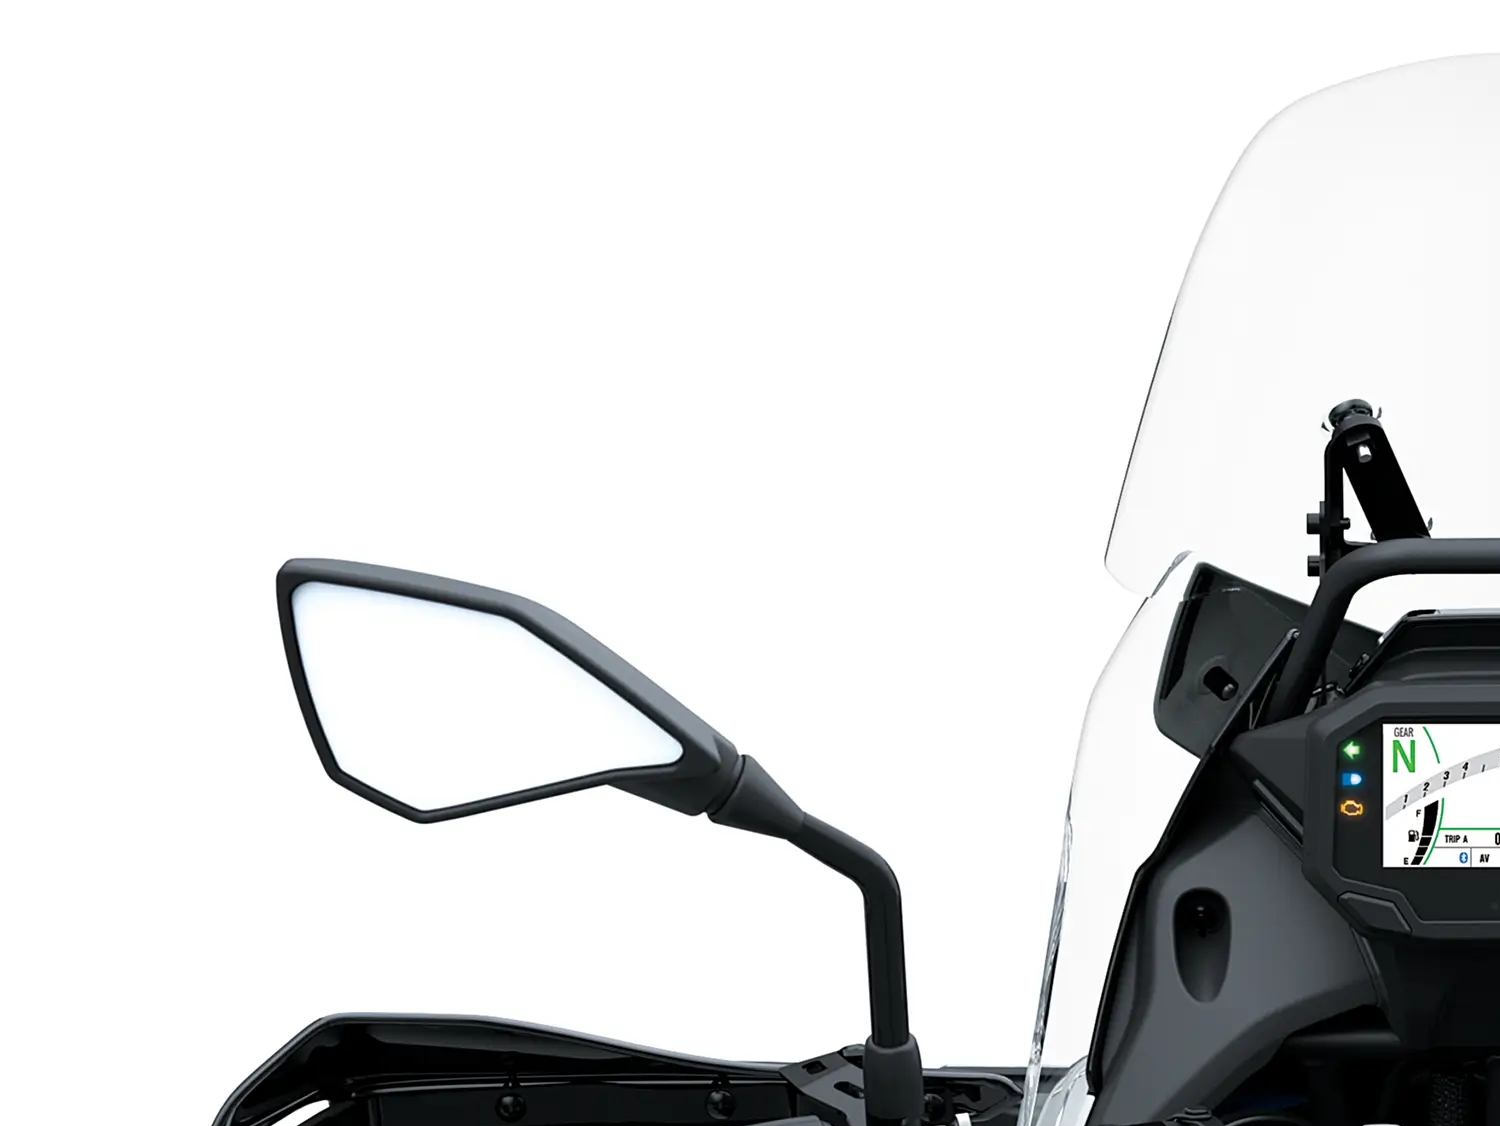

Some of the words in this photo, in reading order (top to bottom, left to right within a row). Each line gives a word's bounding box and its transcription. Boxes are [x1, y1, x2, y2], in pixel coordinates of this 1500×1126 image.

[1393, 727, 1414, 737] GEAR
[1392, 739, 1416, 773] N
[1404, 793, 1409, 803] 1
[1423, 782, 1430, 791] 2
[1443, 771, 1450, 780] 3
[1462, 762, 1469, 771] 4
[1416, 809, 1422, 818] F
[1444, 834, 1460, 844] TRIP
[1462, 834, 1468, 844] A
[1403, 857, 1409, 865] E
[1479, 853, 1490, 863] AV
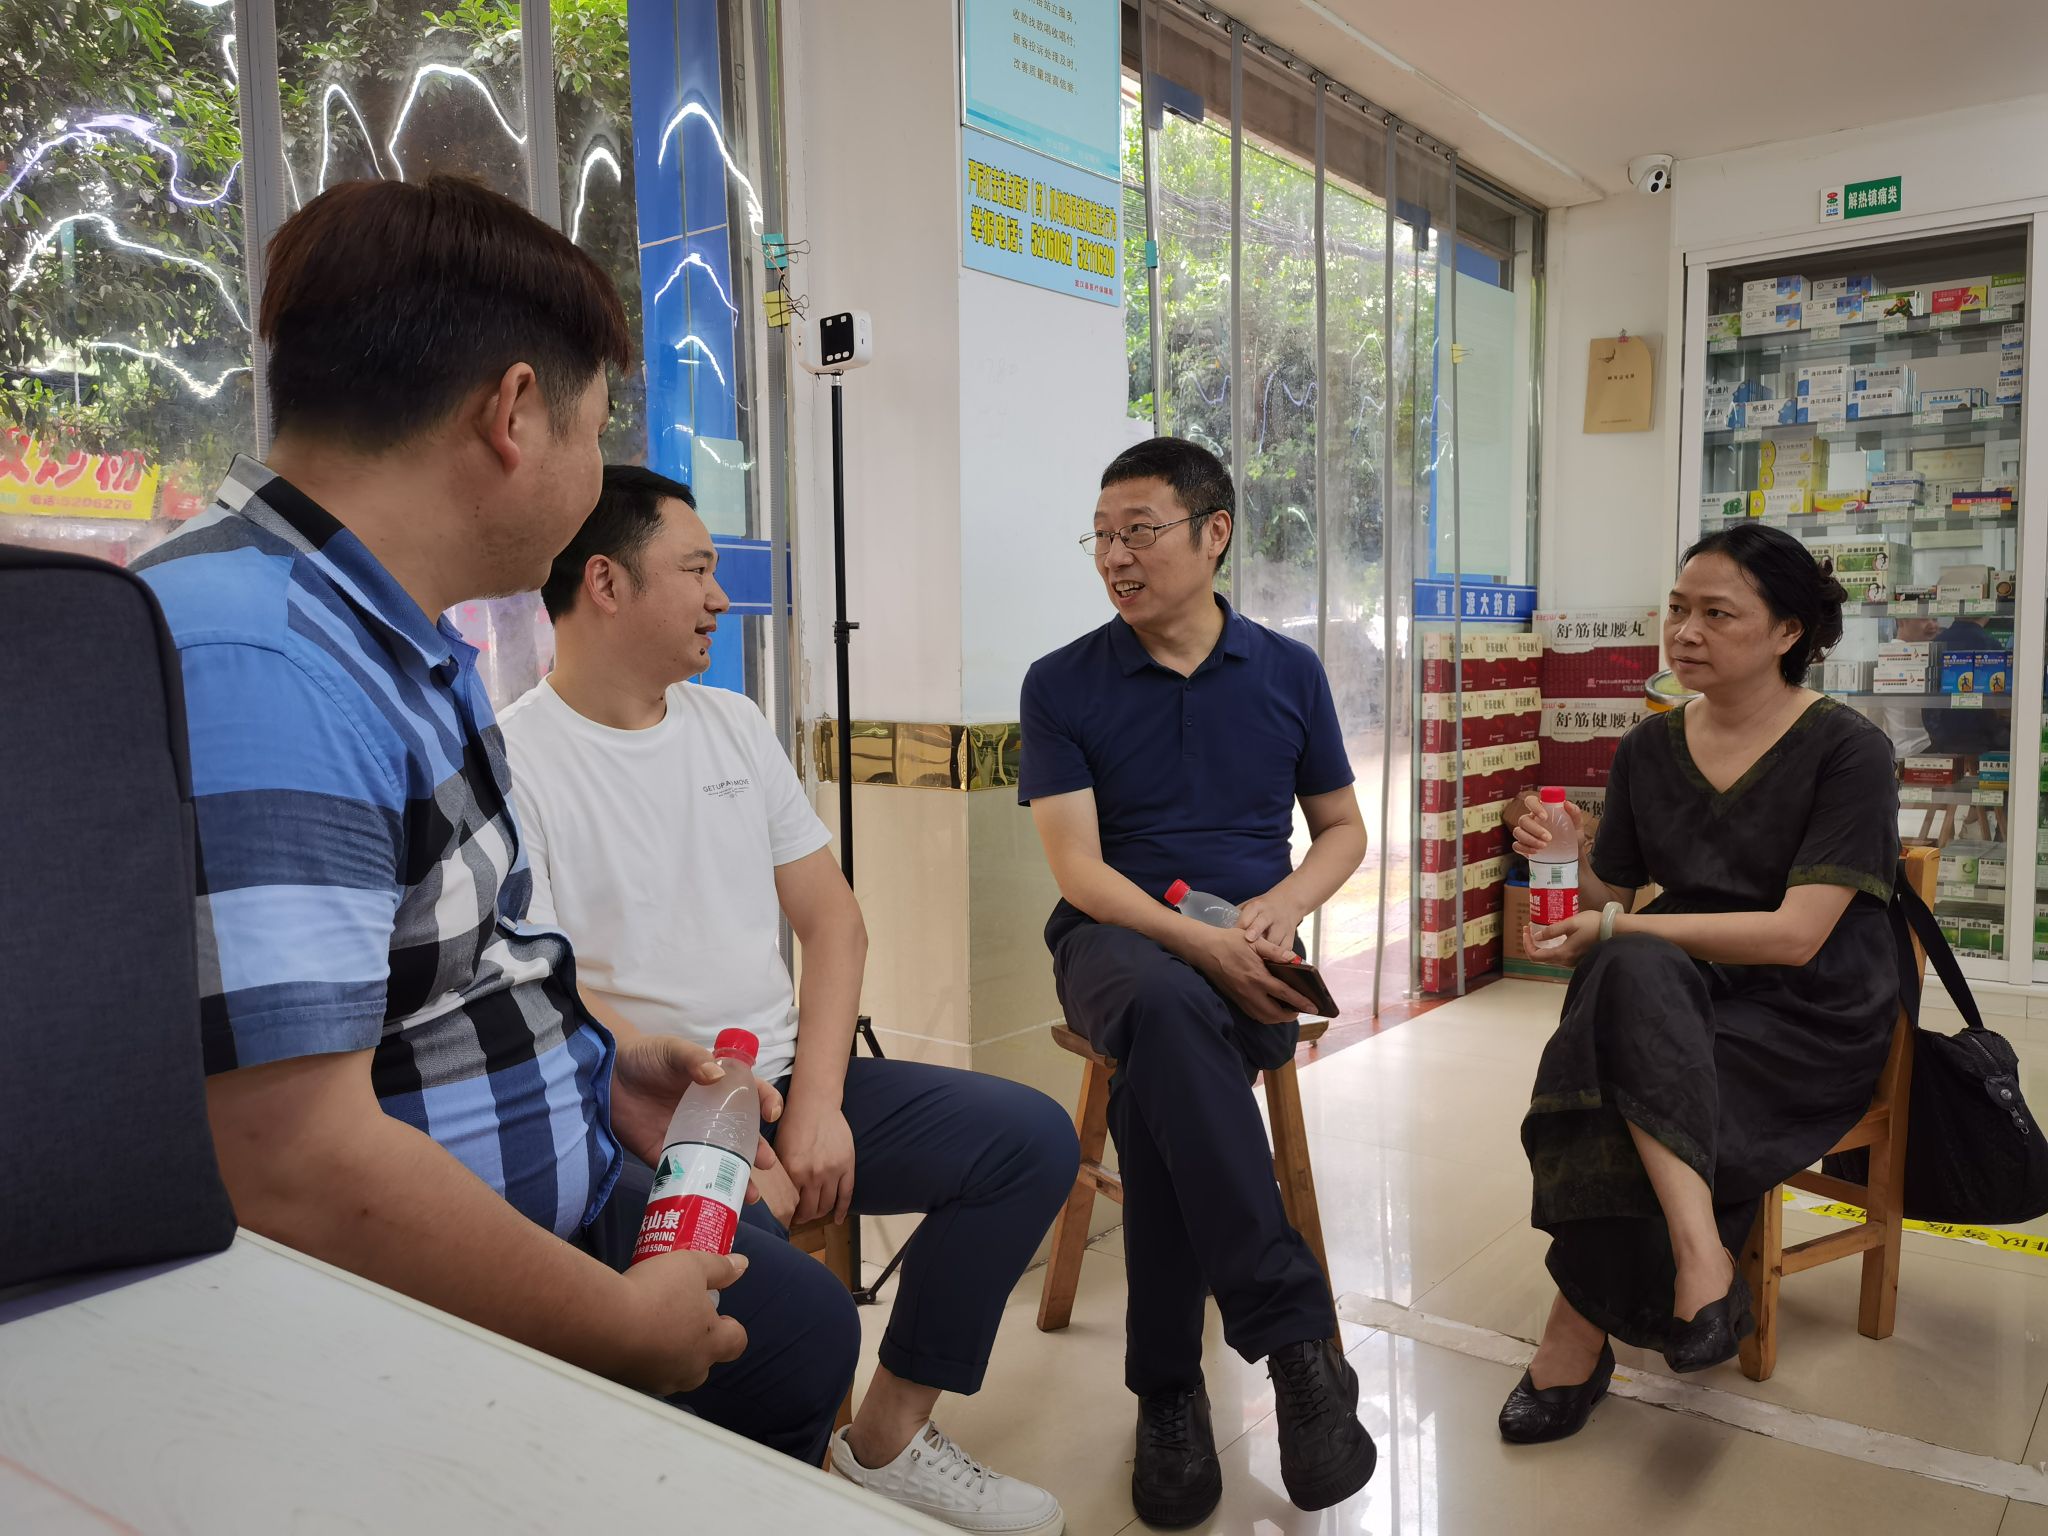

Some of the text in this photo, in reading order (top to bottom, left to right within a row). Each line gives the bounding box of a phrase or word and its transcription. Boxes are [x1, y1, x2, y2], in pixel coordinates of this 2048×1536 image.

[1848, 185, 1898, 210] 解热镇痛类
[1031, 222, 1073, 267] 5216062
[1077, 236, 1115, 279] 5211620
[1436, 589, 1516, 616] 福源大药房
[1556, 621, 1645, 639] 舒筋健腰丸
[643, 1231, 676, 1243] SPRING
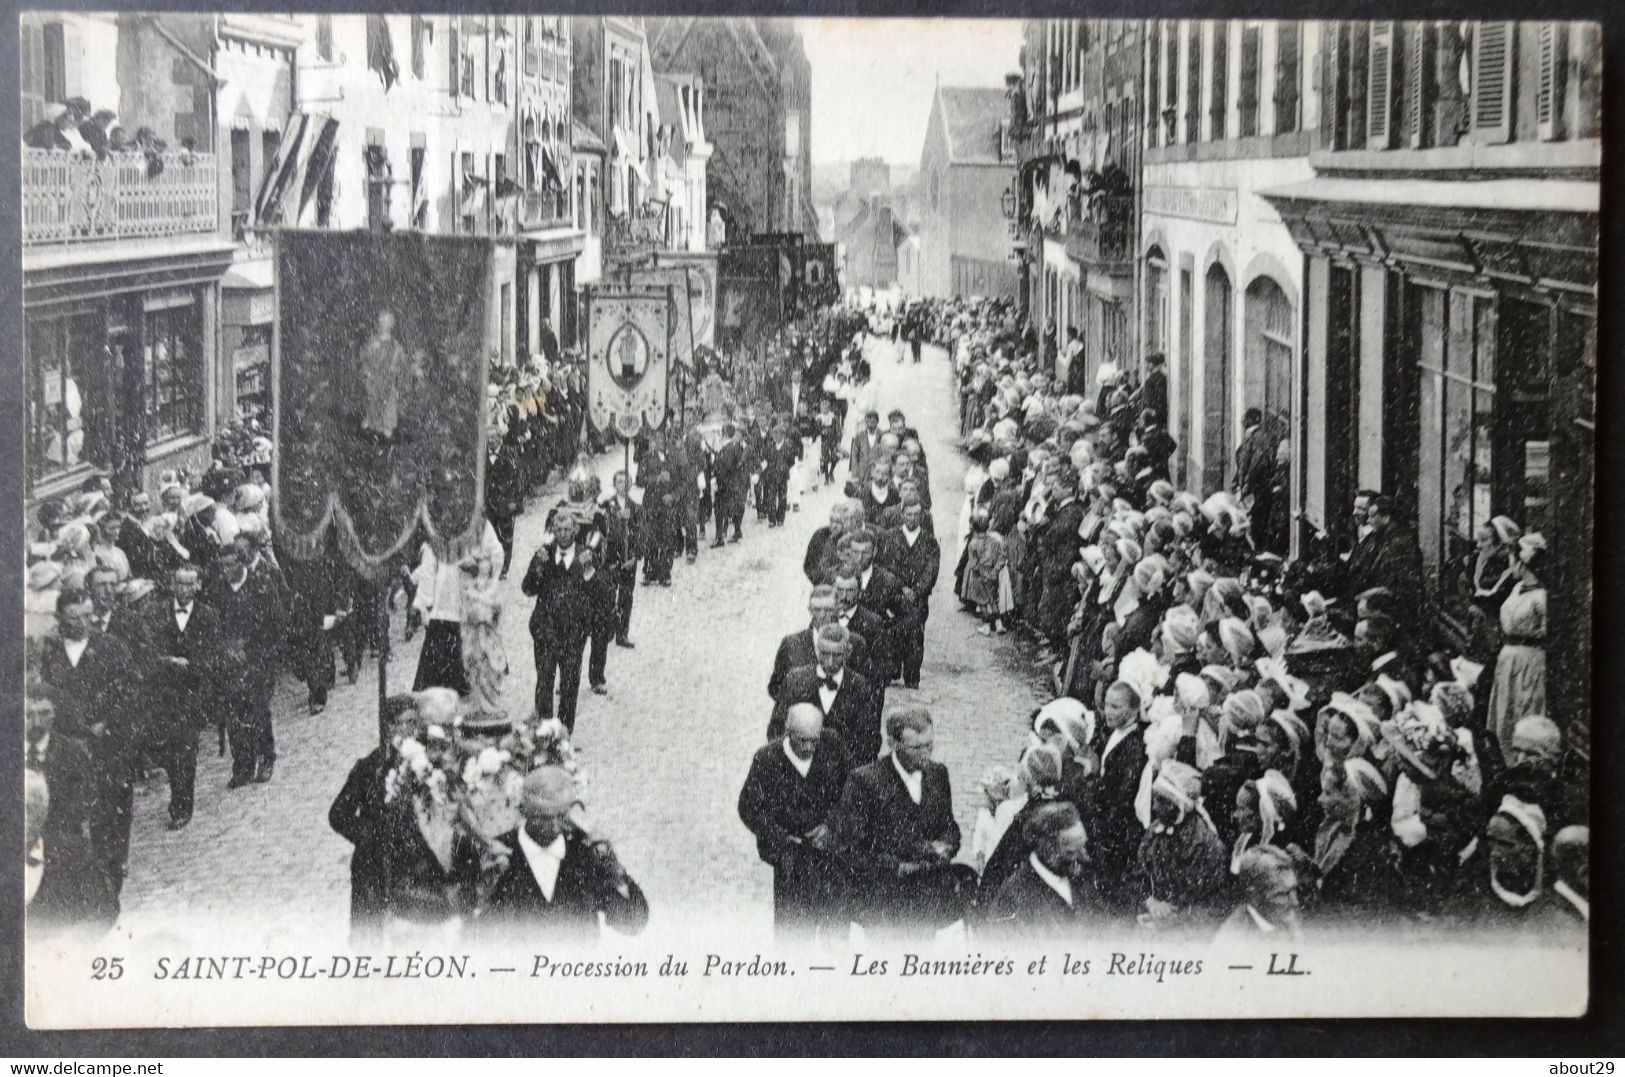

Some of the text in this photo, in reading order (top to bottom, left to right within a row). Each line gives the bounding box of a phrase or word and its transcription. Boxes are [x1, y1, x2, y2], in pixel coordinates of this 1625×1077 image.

[91, 957, 124, 980] 25
[154, 951, 477, 979] SAINT-POL-DE-LÉON.
[531, 955, 648, 977] Procession
[658, 955, 688, 976] du
[704, 955, 797, 976] Pardon.
[850, 953, 889, 975] Les
[901, 953, 1015, 976] Bannières
[1027, 955, 1047, 975] et
[1062, 953, 1091, 975] les
[1107, 953, 1203, 983] Reliques
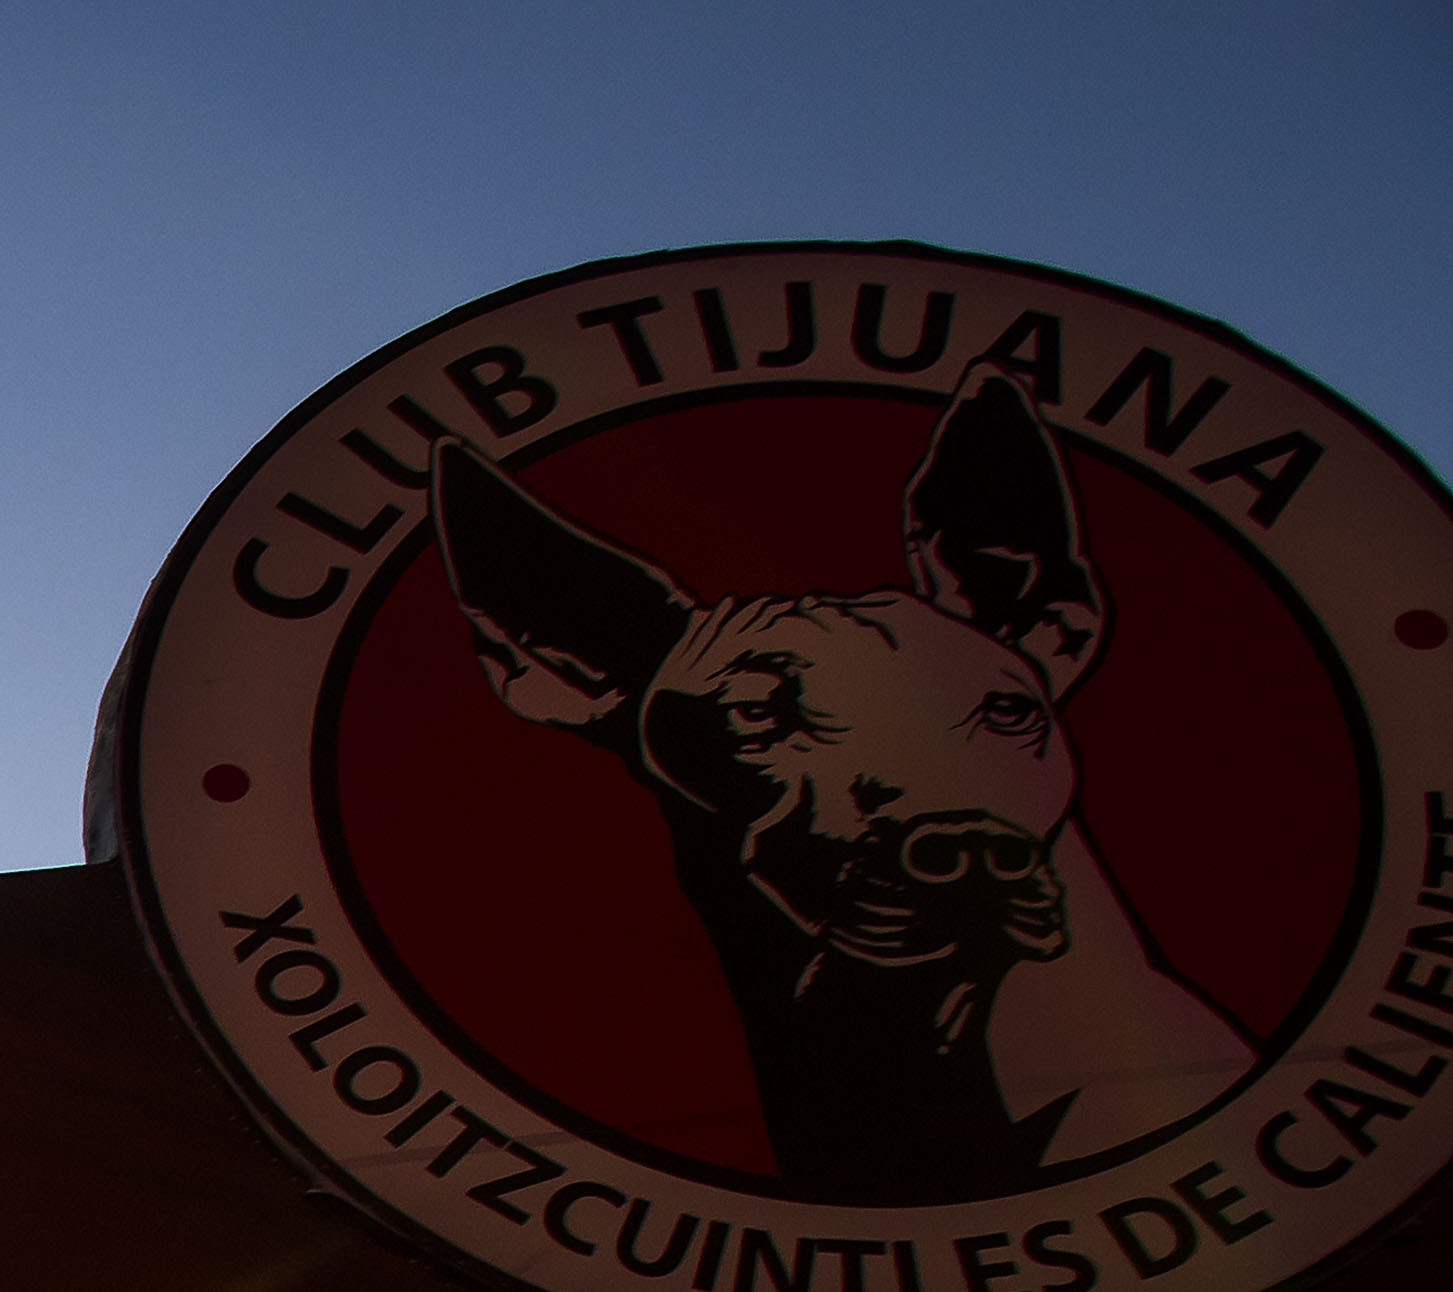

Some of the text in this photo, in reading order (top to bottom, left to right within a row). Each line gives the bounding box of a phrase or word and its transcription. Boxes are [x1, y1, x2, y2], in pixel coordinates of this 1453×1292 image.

☆ ☆ ☆ ☆

→ **TASK DIRECTIONS**:
From the first line to the last, copy the records above exactly and drop any pictures.

→ **ANSWER AREA**:
Some of the words in this photo, in reading order (top to bottom, left to right within a row). Each line gives a word's bounding box and its transcription. Boxes are [x1, y1, x2, y2], in pixel coordinates of this 1500×1126 image.

[1393, 727, 1414, 737] GEAR
[1392, 739, 1416, 773] N
[1404, 793, 1409, 803] 1
[1423, 782, 1430, 791] 2
[1443, 771, 1450, 780] 3
[1462, 762, 1469, 771] 4
[1416, 809, 1422, 818] F
[1444, 834, 1460, 844] TRIP
[1462, 834, 1468, 844] A
[1403, 857, 1409, 865] E
[1479, 853, 1490, 863] AV

Some of the text in this photo, in reading order (top to bottom, left to right within a row). Each line gives the bounding box of a phrase or word and its transcription. Boxes are [x1, y1, x2, y2], in pixel coordinates of this 2048×1536 image.

[1848, 185, 1898, 210] 解热镇痛类
[1031, 222, 1073, 267] 5216062
[1077, 236, 1115, 279] 5211620
[1436, 589, 1516, 616] 福源大药房
[1556, 621, 1645, 639] 舒筋健腰丸
[643, 1231, 676, 1243] SPRING

Some of the text in this photo, in reading order (top to bottom, left to right within a row). Each line gives the bounding box of a phrase or word and its transcription. Boxes are [x1, y1, x2, y2], in pixel coordinates of this 1625×1077 image.

[91, 957, 124, 980] 25
[154, 951, 477, 979] SAINT-POL-DE-LÉON.
[531, 955, 648, 977] Procession
[658, 955, 688, 976] du
[704, 955, 797, 976] Pardon.
[850, 953, 889, 975] Les
[901, 953, 1015, 976] Bannières
[1027, 955, 1047, 975] et
[1062, 953, 1091, 975] les
[1107, 953, 1203, 983] Reliques

Some of the text in this photo, in reading order (top to bottom, left to right within a row). Each line gives the bounding box of a phrase or word and its transcription. Boxes are [x1, y1, x2, y2], in pixel coordinates of this 1453×1292 image.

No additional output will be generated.